The battle was almost over before Y'Taun's legion fell on her.


Kardita and I charged through the fleeing remnants of my army, tearing open friend and foe alike. Ember's Fire I named my steed, and much time I had spent steeling him with sorcery. No ordinary horse to begin with, now frost sprang from his nostrils, blades from his shoes, iron and steel would turn to dust at the touch of his skin, yet whose passage would make no sound. And on top of this, I had put my bloodlust within him. The Inquisitor's soldiers here, the front line, who now the rear, but did not yet know it, saw the spectre of death ride upon them and stood aside. An easy victory in their sights, so why waste their lives on a small few who did not know they were beaten. Doubtless archers would cut us down soon enough. Except there were no archers, for Y'Taun's legion pinned them in and even now slew them to a man.

"You must reach the Inquisitor before Y'Taun," Kardita had said. "Kill her and the battle will end. Praise Y'Taun for his honour and his valour in bringing the old Inquisitor to task for her crimes. Take her armour and wear it. Name Y'Taun commander of the armies. You must do all these things before he has time to speak, and you must brook no interruption. You must show no weakness."

I, who wore the mark of Ehwan, had long forgotten what weakness was.

I spied the Inquisitor's banner. "She is trying to reach Y'Taun," I said. Kardita did not reply; none was sought. We would live or die by our speed now, for if Y'Taun and the Inquisitor met before be could reach them, either Y'Taun would prevail, and turn next to us, or the Inquisitor would enslave him and her army swallow us whole. I unleashed a spray of acid fire into the melee ahead, clearing our path through the screams and stench of blood and burning flesh. Mud sprayed in my face; I felt a tug at my foot, brief and then gone. Two soldiers stepped in my way and were ploughed to the ground, one by steel and one by the frenzy of Ember's Fire. An arrow flew by and tugged my hair. I heard the riders behind me fall, one by one, until only Kardita remained constant at my side, while my sword swung left and right ever more often, each lunge spraying another streak of blood across our skins. For a time, I dared not look up, while the Inquisitor's legions tightened their lines and rallied to face their enemy, and we were alone in a sea of hostile swords.

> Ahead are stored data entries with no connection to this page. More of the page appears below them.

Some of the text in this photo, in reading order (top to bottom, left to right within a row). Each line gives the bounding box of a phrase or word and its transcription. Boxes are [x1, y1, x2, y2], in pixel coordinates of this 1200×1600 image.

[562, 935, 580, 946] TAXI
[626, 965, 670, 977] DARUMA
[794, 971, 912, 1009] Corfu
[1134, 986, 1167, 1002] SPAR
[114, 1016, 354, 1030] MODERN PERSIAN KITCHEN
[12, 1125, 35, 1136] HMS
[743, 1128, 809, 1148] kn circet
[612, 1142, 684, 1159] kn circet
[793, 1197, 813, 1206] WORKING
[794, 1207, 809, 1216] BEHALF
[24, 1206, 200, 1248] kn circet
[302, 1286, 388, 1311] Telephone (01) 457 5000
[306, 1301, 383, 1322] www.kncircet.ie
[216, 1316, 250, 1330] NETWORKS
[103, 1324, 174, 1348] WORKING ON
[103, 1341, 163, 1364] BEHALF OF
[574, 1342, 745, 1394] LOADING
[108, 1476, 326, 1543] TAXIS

"We're losing," I heard Kardita shout, the lance she carried in her right hand dipping and diving like a fishing bird, each swoop sending another soul onwards on its cycle. The sword in her left span and danced with a seeming will of its own, fending away those her lance did not pierce. Ember's Fire galloped harder, spurred on by his own will, soldiers frozen solid by his breath then kicked and shattered to a thousand pieces. Fire and acid rained all around us, I saw lightning dance among where Y'Taun's men fought, and black shapes began to fall from the sky, enveloping friend and foe alike as if to such the very life from their flesh, while the earth cracked and split, and a thousand green and viney men began to crawl their way up from the earth. And then the air split with the crack of a thousand divine trumpets, and every man on the field fell to their knees and clutched their heads. Except two. Four score yards away, the Inquisitor turned to face me. No longer an ageing woman with lined face and greying hair, but some fierce avatar, her body transformed into that of a giant, ten feet high, with four bronze arms wielding four silver scimitars, each the size of a man, and a mask of gold over her face, so bright it burned my eyes to see.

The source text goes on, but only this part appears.